### The data:
● ● ● ●
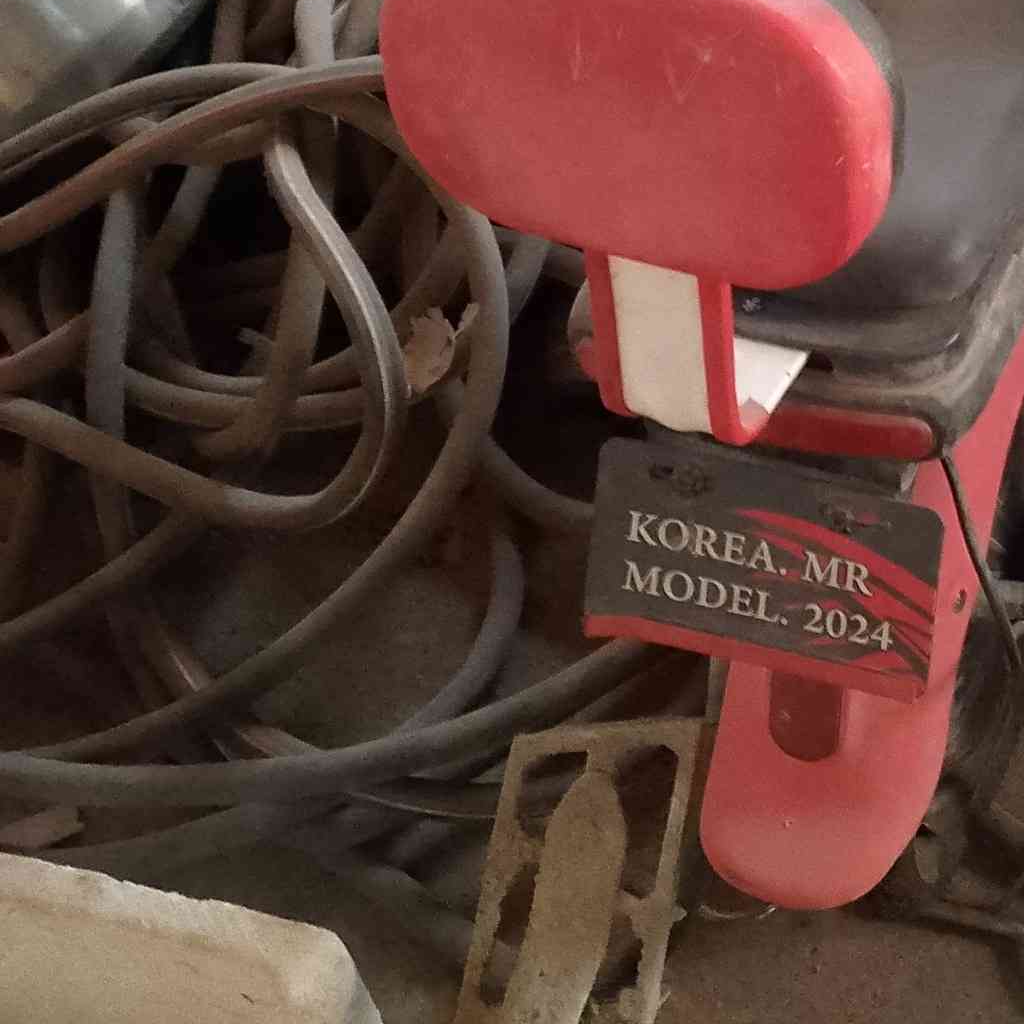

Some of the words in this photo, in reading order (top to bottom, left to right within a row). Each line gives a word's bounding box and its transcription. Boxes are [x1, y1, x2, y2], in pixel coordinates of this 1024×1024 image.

[625, 509, 788, 576] KOREA.
[800, 551, 873, 598] MR
[621, 559, 788, 626] MODEL.
[803, 602, 894, 651] 2024
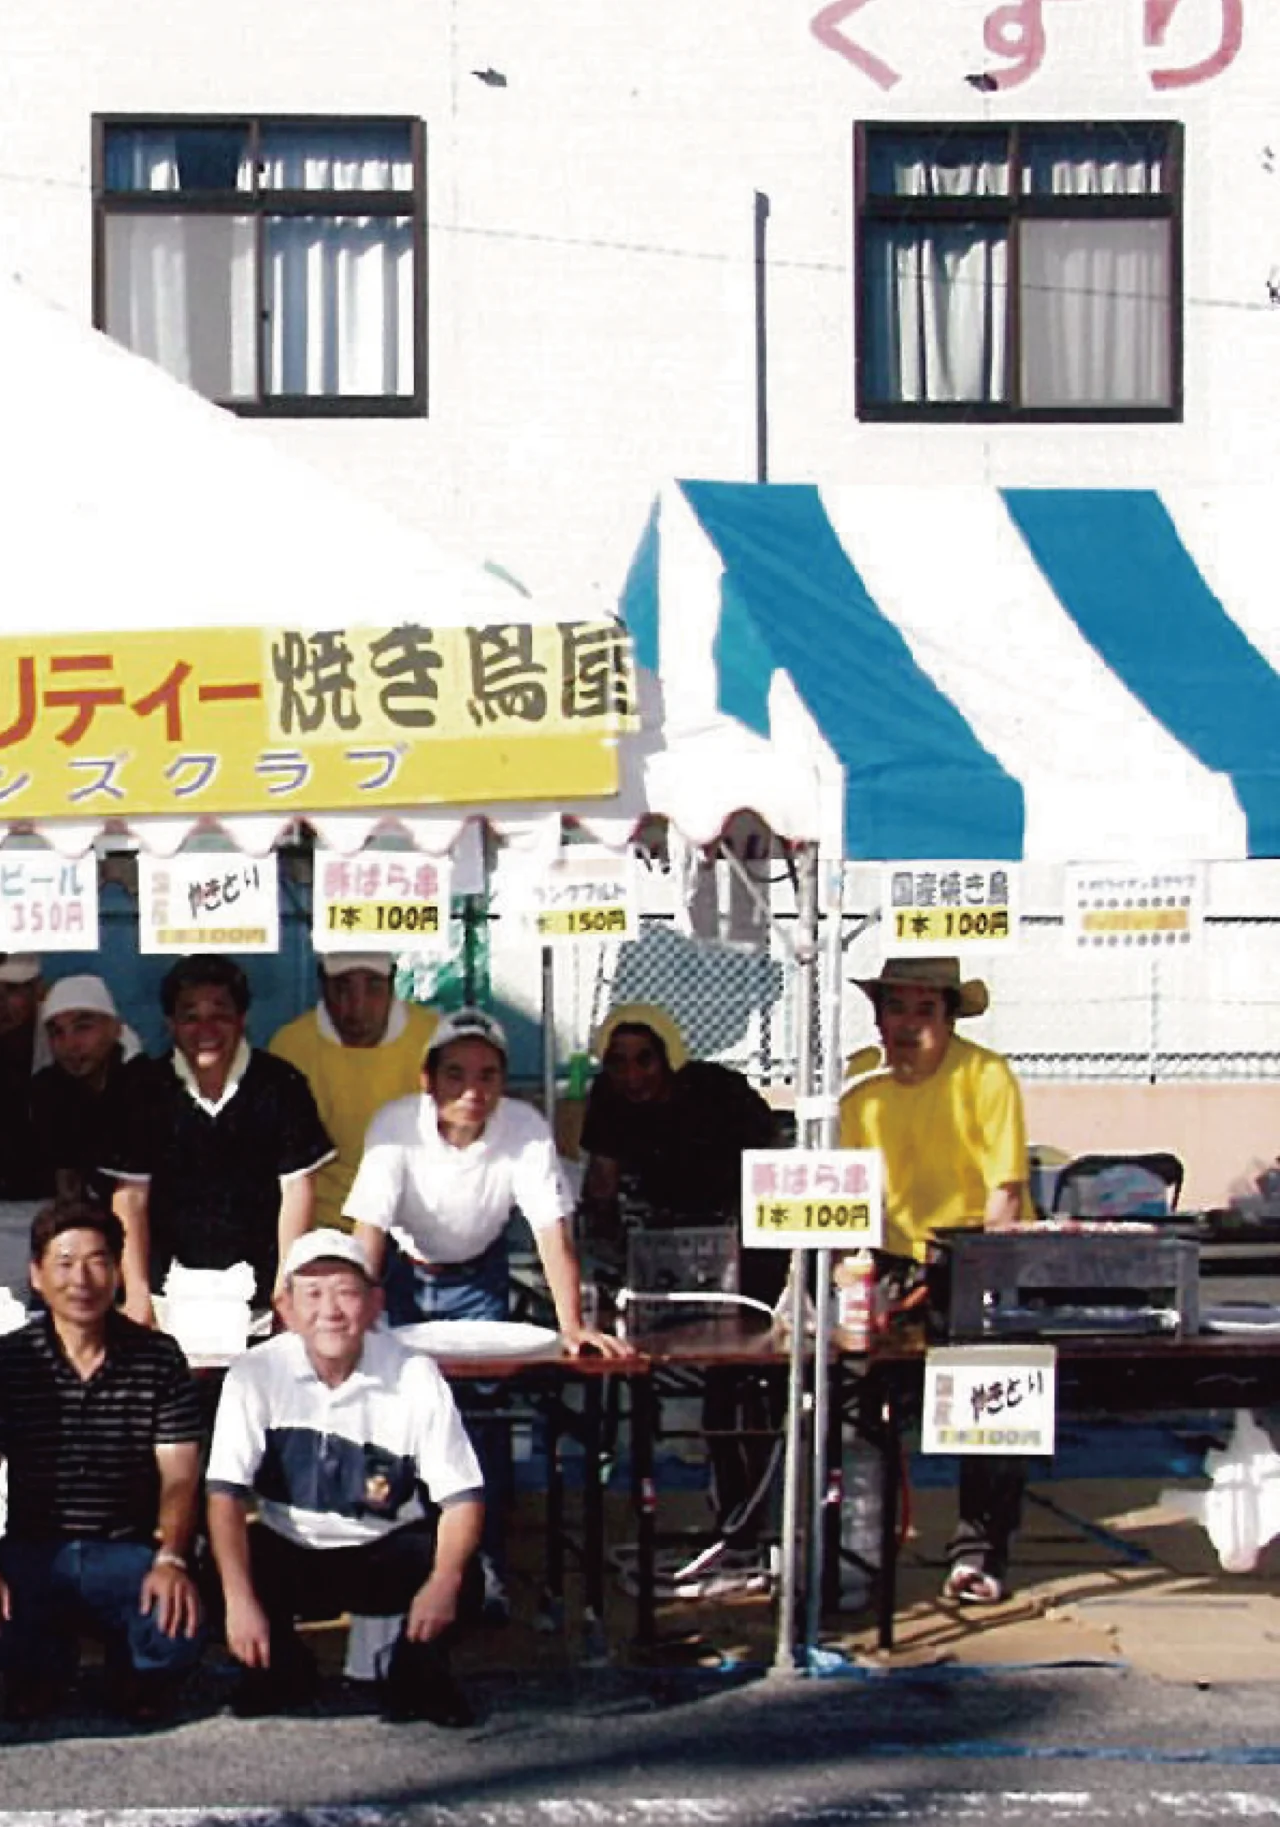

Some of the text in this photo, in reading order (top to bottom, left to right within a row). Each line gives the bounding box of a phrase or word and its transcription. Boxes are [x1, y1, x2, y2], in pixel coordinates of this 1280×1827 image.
● ● ● ●
### Exercise objective:
Please output all of the data exactly as given, omitting any images it holds.

### Response to this exercise:
Some of the words in this photo, in reading order (top to bottom, left to right within a row). Each line gives a word's bounding box and its transcription. Boxes are [x1, y1, x2, y2], in pixel coordinates of this 1024×1024 image.

[625, 509, 788, 576] KOREA.
[800, 551, 873, 598] MR
[621, 559, 788, 626] MODEL.
[803, 602, 894, 651] 2024

Some of the text in this photo, in reading order (top to bottom, left to right within a row). Each line gives the bounding box of a phrase or word and its transcription. Boxes are [x1, y1, x2, y2], in pixel coordinates of this 1280×1827 image.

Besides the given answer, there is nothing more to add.